Horror porn comes to town

(Published in City Express, The New Indian Express, on 8 September 2012, retrieved from http://newindianexpress.com/entertainment/reviews/article602915.ece)



Cast: Bipasha Basu, Emraan Hashmi, Esha Gupta
Director: Vikram Bhatt
Rating: 1 star
Let me confess. I’m terrified of horror movies. I can’t look at kids or dolls for days after watching those B-grade movies involving ghosts that possess children and toys. Hell, I was freaked out by the Tamil version of Omen. No, not even the dub – an actual remake, where an ayah played a significant role. Even the godawful graphics of the creature movies of the Eighties would scare me into having nightmares. But when I watched Raaz 3, I laughed. I laughed often.
In his latest offering, Vikram Bhatt collaborates with the other Bhatt khandaan to make an asinine film. The imported Hollywood concepts – snow on a TV screen accompanied by a threatening voice, coulrophobia (that’s Google for ‘fear of clowns’), the chandelier scare from The Phantom of the Opera – fall flatter than anything else in a movie that brings us heroines in skimpy clothes, in all their 3D glory.

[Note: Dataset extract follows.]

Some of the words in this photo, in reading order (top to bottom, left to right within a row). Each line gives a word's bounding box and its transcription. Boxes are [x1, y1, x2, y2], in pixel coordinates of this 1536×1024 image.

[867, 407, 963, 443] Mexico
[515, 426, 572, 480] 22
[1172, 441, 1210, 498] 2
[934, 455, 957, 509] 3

Shanaya Shekhar (Bipasha Basu), who seems to have more reasons to hate Sanjana Krishna (Esha Gupta) than the film has the time or inclination to explain, turns to the dark forces when God deserts her. She also chooses to depend on the morally upright Aditya Arora (Emraan Hashmi) to do her dirty work. Helping them along is one of the Undead, a creature called Tara Dutt whose cloying tirades complement his carnal lust.
The story involves several scenes where Hindu idols are buried, and seeks to escape the ire of the fundamentalists by cutting the shots in the right places. That is about all that the movie gets right. Romantic songs burst out more unexpectedly than the horrific faces that populate the film. Everything about the story is unbelievable, from a gravestone that reads ‘Caritopher Crusto’ to a dreamscape where graffiti going ‘Vote for Dipak’ is scribbled on a wall.

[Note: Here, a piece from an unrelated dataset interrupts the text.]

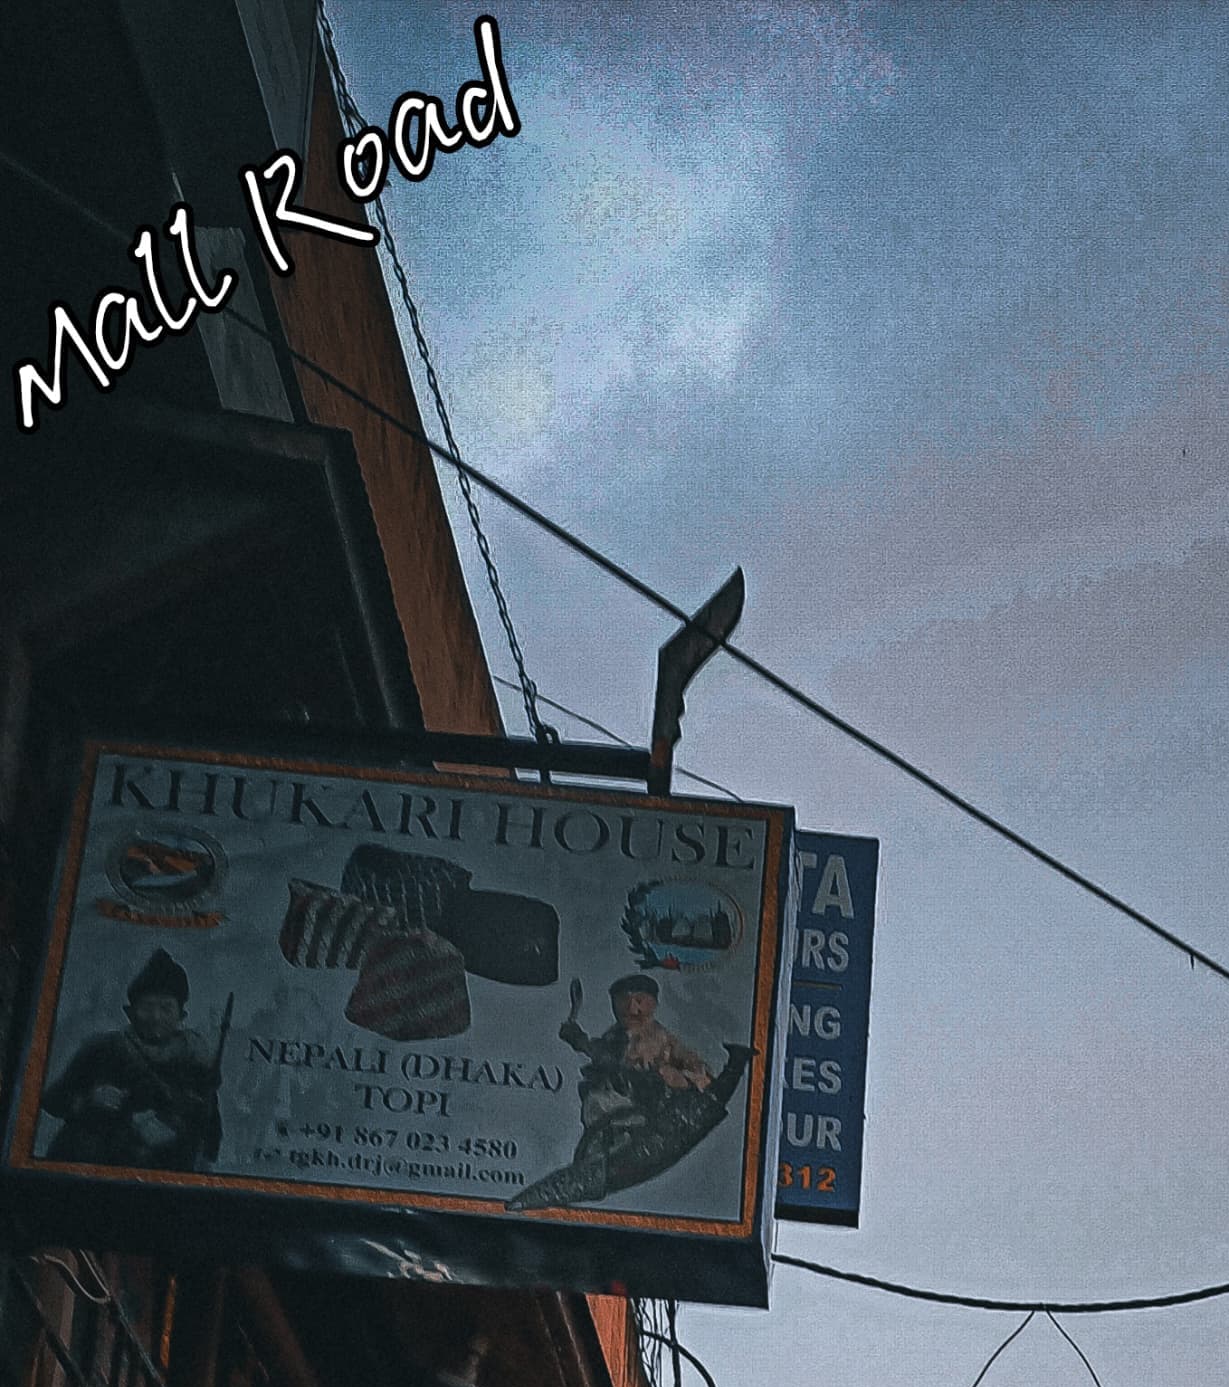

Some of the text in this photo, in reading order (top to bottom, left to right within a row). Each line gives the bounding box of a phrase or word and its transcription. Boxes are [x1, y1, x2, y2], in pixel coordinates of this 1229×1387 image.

[111, 762, 757, 871] KHUKARI HOUSE
[249, 1038, 563, 1093] NEPALI (DHAKA)
[354, 1084, 450, 1117] TOPI
[300, 1122, 518, 1160] +91 867 023 4580

These are the lessons I gleaned from the film:
  • When you tell someone about your past, you must tear up pieces of paper
  • When you’re jealous of a girl, fix her up with your boyfriend
  • If you witness an unnatural death, leave the scene screaming
  • If an unnatural death troubles you, make out with the first man you find
  • Bribes will get you anywhere, especially if you’re a doctor
  • Graveyards and mortuaries have only one thing in common – the people are dead
  • You can break into any Bollywood star’s home, as long as she’s away shooting

In the course of a film that involves worms, flying cockroaches, beheading and cinema crew, so many people die that we can be reasonably sure there won’t be a sequel.
The Verdict: If you want to spend time on cheap scares, Google ‘Exorcist spot the difference game’ and save yourself the money you’d waste on Raaz 3.